*** MATERIAL FOR THE TASK ***

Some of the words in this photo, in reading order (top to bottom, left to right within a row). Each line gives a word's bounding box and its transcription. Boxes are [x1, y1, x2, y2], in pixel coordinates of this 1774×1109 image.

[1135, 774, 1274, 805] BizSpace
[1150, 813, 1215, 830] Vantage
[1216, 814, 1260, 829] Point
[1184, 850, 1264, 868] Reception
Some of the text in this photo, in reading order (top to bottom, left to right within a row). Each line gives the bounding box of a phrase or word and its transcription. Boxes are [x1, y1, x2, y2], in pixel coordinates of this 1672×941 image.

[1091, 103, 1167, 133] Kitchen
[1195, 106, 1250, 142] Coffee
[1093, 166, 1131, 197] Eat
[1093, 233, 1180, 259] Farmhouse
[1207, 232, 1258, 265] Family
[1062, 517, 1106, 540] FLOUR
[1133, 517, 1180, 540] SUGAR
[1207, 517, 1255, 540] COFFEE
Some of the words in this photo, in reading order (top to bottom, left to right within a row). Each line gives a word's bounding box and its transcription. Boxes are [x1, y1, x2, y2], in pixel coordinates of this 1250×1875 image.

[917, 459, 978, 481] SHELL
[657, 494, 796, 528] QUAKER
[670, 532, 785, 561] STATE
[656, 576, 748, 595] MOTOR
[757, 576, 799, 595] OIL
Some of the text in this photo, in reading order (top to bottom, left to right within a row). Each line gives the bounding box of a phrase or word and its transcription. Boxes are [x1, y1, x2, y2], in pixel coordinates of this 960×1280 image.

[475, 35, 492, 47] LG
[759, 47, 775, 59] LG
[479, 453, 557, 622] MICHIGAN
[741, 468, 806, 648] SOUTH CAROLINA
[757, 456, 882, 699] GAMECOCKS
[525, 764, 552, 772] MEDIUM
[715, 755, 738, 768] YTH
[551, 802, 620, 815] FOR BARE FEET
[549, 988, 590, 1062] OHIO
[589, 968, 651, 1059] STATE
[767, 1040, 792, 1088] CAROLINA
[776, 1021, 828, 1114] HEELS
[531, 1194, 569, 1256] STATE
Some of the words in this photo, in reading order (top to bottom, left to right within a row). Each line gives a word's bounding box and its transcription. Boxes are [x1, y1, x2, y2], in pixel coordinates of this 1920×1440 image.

*** End of MATERIAL FOR THE TASK ***

- [EXERCISE OBJECTIVE]
Render every record verbatim. Nothing should be left out.

- [EXERCISE RESPONSE]
Some of the words in this photo, in reading order (top to bottom, left to right within a row). Each line gives a word's bounding box and its transcription. Boxes are [x1, y1, x2, y2], in pixel coordinates of this 1774×1109 image.

[1135, 774, 1274, 805] BizSpace
[1150, 813, 1215, 830] Vantage
[1216, 814, 1260, 829] Point
[1184, 850, 1264, 868] Reception
Some of the text in this photo, in reading order (top to bottom, left to right within a row). Each line gives the bounding box of a phrase or word and its transcription. Boxes are [x1, y1, x2, y2], in pixel coordinates of this 1672×941 image.

[1091, 103, 1167, 133] Kitchen
[1195, 106, 1250, 142] Coffee
[1093, 166, 1131, 197] Eat
[1093, 233, 1180, 259] Farmhouse
[1207, 232, 1258, 265] Family
[1062, 517, 1106, 540] FLOUR
[1133, 517, 1180, 540] SUGAR
[1207, 517, 1255, 540] COFFEE
Some of the words in this photo, in reading order (top to bottom, left to right within a row). Each line gives a word's bounding box and its transcription. Boxes are [x1, y1, x2, y2], in pixel coordinates of this 1250×1875 image.

[917, 459, 978, 481] SHELL
[657, 494, 796, 528] QUAKER
[670, 532, 785, 561] STATE
[656, 576, 748, 595] MOTOR
[757, 576, 799, 595] OIL
Some of the text in this photo, in reading order (top to bottom, left to right within a row). Each line gives the bounding box of a phrase or word and its transcription. Boxes are [x1, y1, x2, y2], in pixel coordinates of this 960×1280 image.

[475, 35, 492, 47] LG
[759, 47, 775, 59] LG
[479, 453, 557, 622] MICHIGAN
[741, 468, 806, 648] SOUTH CAROLINA
[757, 456, 882, 699] GAMECOCKS
[525, 764, 552, 772] MEDIUM
[715, 755, 738, 768] YTH
[551, 802, 620, 815] FOR BARE FEET
[549, 988, 590, 1062] OHIO
[589, 968, 651, 1059] STATE
[767, 1040, 792, 1088] CAROLINA
[776, 1021, 828, 1114] HEELS
[531, 1194, 569, 1256] STATE
Some of the words in this photo, in reading order (top to bottom, left to right within a row). Each line gives a word's bounding box and its transcription. Boxes are [x1, y1, x2, y2], in pixel coordinates of this 1920×1440 image.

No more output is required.